Question

Prove that the points A(–5, 4); B(–1, –2) and C(5, 2) are the vertices of an isosceles right-angled triangle. Find the co-ordinates of D so that ABCD is a square.

Answer 1

We have:

`AB = sqrt((-1 + 5)^2 + (-2 - 4)^2)`

= `sqrt(16 + 36)`

= `sqrt(52)`

`BC = sqrt((-1 + 5)^2 + (-2 - 2)^2)`

= `sqrt(36 + 16)`

= `sqrt(52)`

`AC = sqrt((5 + 5)^2 + (2 - 4)^2)`

= `sqrt(100 + 4)`

= `sqrt(104)`

AB² + BC² = 52 + 52 = 104

AC² = 104

∵ AB = BC and AB² + BC² = AC²

∵ ABC is an isosceles right-angled triangle.

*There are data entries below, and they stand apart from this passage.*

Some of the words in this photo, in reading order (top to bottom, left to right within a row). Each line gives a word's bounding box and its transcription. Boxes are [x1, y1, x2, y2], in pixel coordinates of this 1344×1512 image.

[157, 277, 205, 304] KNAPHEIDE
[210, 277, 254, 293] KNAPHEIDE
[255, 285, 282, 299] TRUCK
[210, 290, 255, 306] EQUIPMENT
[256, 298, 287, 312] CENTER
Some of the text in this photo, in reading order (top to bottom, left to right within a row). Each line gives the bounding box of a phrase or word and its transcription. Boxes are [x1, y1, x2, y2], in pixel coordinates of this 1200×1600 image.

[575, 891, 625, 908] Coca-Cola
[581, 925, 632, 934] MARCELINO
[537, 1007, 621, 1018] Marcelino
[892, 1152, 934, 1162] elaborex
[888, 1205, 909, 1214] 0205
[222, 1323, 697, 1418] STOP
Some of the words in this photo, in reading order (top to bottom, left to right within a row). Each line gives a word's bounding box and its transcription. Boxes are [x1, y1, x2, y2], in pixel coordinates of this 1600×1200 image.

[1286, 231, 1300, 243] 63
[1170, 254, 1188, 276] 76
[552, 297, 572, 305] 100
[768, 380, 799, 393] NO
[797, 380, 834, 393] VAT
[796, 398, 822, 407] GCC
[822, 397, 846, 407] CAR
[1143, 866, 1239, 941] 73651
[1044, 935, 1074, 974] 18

Let the coordinates of D be (x, y).

If ABCD is a square, then,

Mid-point of AC = Mid-point of BD

`((-5 + 5)/(2),(4 + 2)/(2)) = ((x - 1)/(2),(y - 2)/(2))`

`0 = (x - 1)/2, 3 = (y - 2)/2`

x = 1, y = 8

Thus, the co-ordinates of point D are (1, 8).